I recently got diagnosed with gh, I was so upset at the time and after my first outbreak which was the worst pain I have ever felt I hoped I wouldn't get any more any time soon and after following my treatment it went away. then within a week it was back, not quite as painful. but since then it's been back again twice, each time it starts to get better, my symptoms come back. my partner is very understanding of my condition and he is my rock during my outbreaks but obviously we aren't sexually active whilst I am in an outbreak and I suffer from endometriosis which causes me quite a lot of pain which means it's been 5 weeks since we've even had sexual contact and even before that it was infrequent. I don't want this to start putting a strain on our relationship as he makes me so happy. I'm so worried he is going to get fed up of me constantly being in pain and go else where. I've raised the concern with him and he says it doesn't bother him. I feel so ashamed and such a crap girlfriend not being able to be close with him. is there any suggestions as to how I can stop these out breaks, I'm losing the plot, it's affecting everything. HELP
Ok, well you need to get on suppressive therapy. I know what you're going through though, because I've had this over a yr and am on my 4th OB back to back, going on two months. I have a suspicion that starting to smoke again may be the culprit for me and this is happening even w me on meds!

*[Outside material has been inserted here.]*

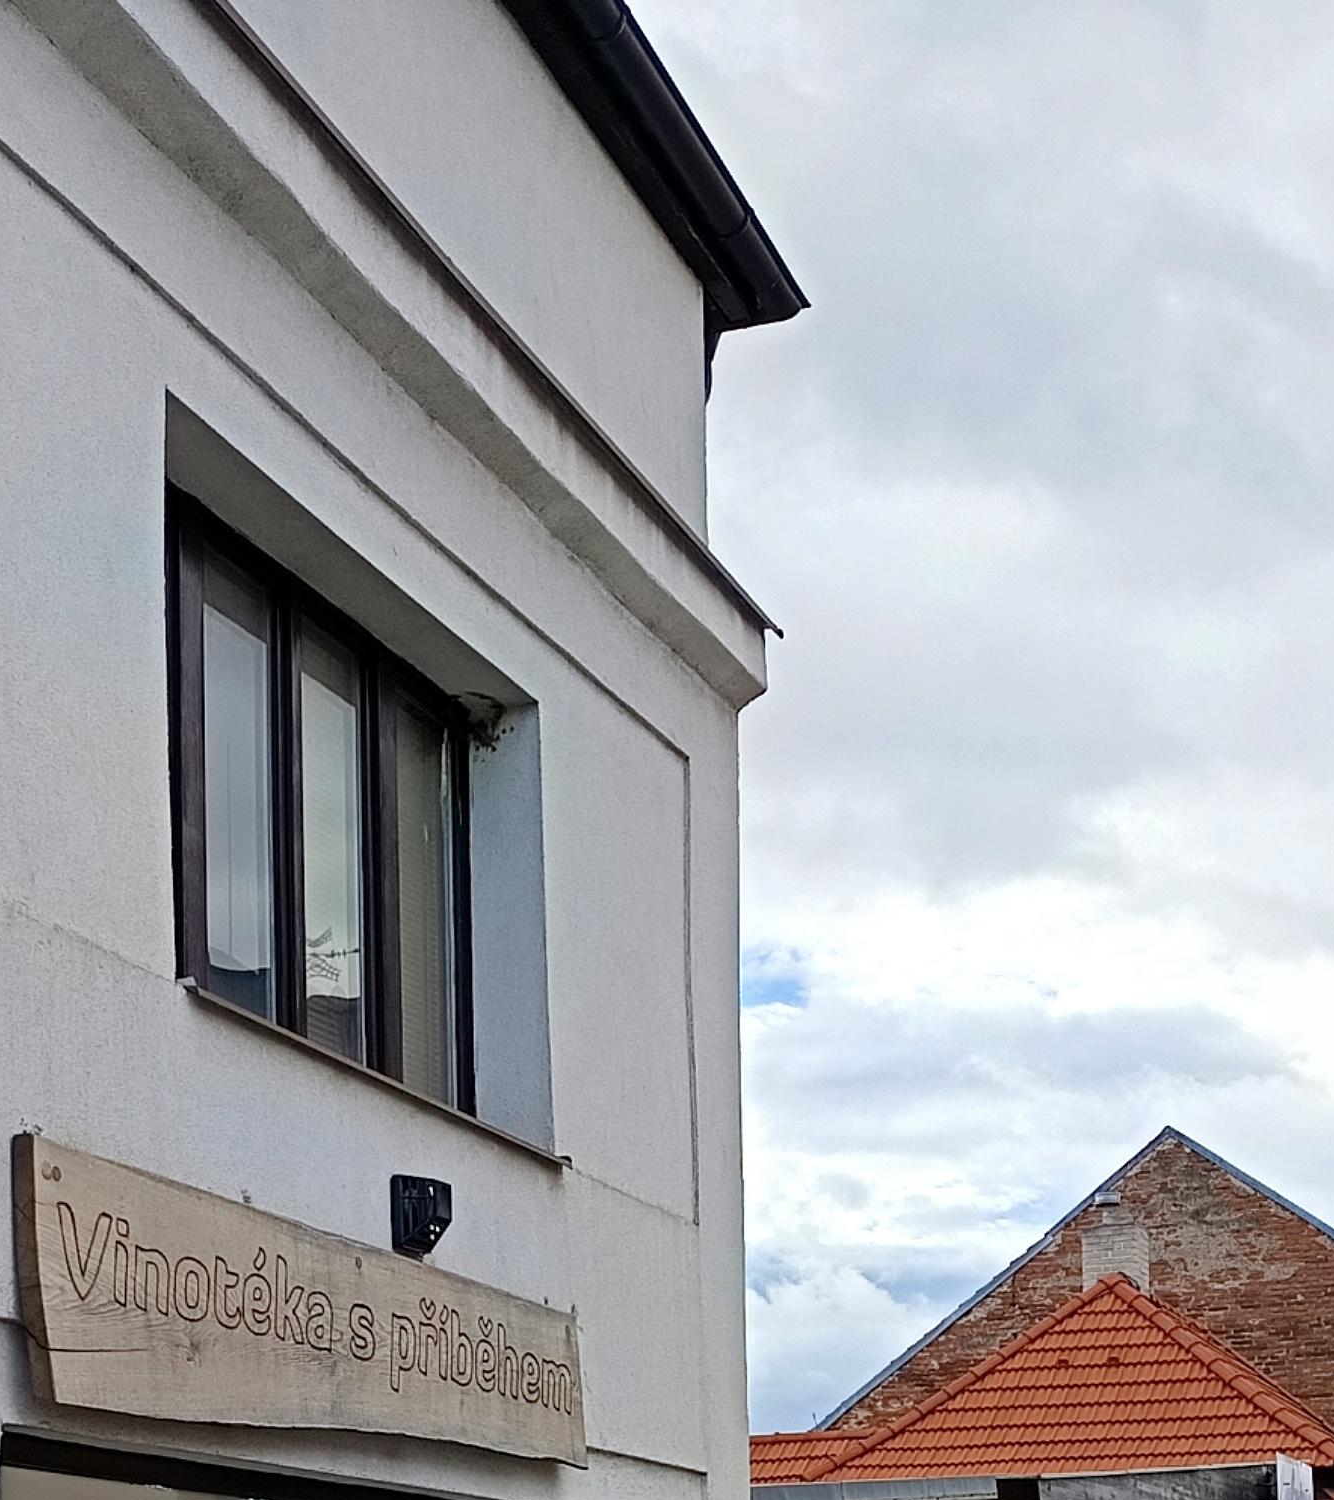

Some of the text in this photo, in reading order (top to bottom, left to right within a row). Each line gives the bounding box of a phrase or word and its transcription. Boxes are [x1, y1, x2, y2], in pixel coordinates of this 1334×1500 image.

[55, 1200, 575, 1416] Vinotéka s příběhem

I too also have stage 4 endometriosis. I've had two surgeries for it and lost a right ovary and tube from it. If you are not on birth control, you need to get on it immediately. It is the only thing that gives you relief. Sometimes you've let it go too long and then surgery may be required.
There are plenty other things you can do to please him w out sex. You just make it all about him. Give him a full body massage, give him foreplay w your hands and your mouth... Just make it all about him and he'll appreciate it. You don't need your vagina to have sex. Use your imagination.
I asked the doctors about meds but they said it was just something I'd have to live with on no meds other than acyclovir when I have an ob. I am on birth control for my endometriosis which does offer me a lot of relief.
my partner doesn't enjoy foreplay unless I am getting pleasure out of it aswell, I try and make it all about him but he doesn't enjoy it any where near as much as being able to please me too. I just feel so useless to him. and he says he understands, and I try and make things exciting but sometimes I feel like he just goes along with it and doesn't enjoy it.
You must be in the UK? if so, I'm not surprised, but I recommend finding other doctors. I live in the US and it is easy for us to get daily therapy.
Well I understand he wants to please you as well, but that's just the sacrifice he has to make to be w someone who has it.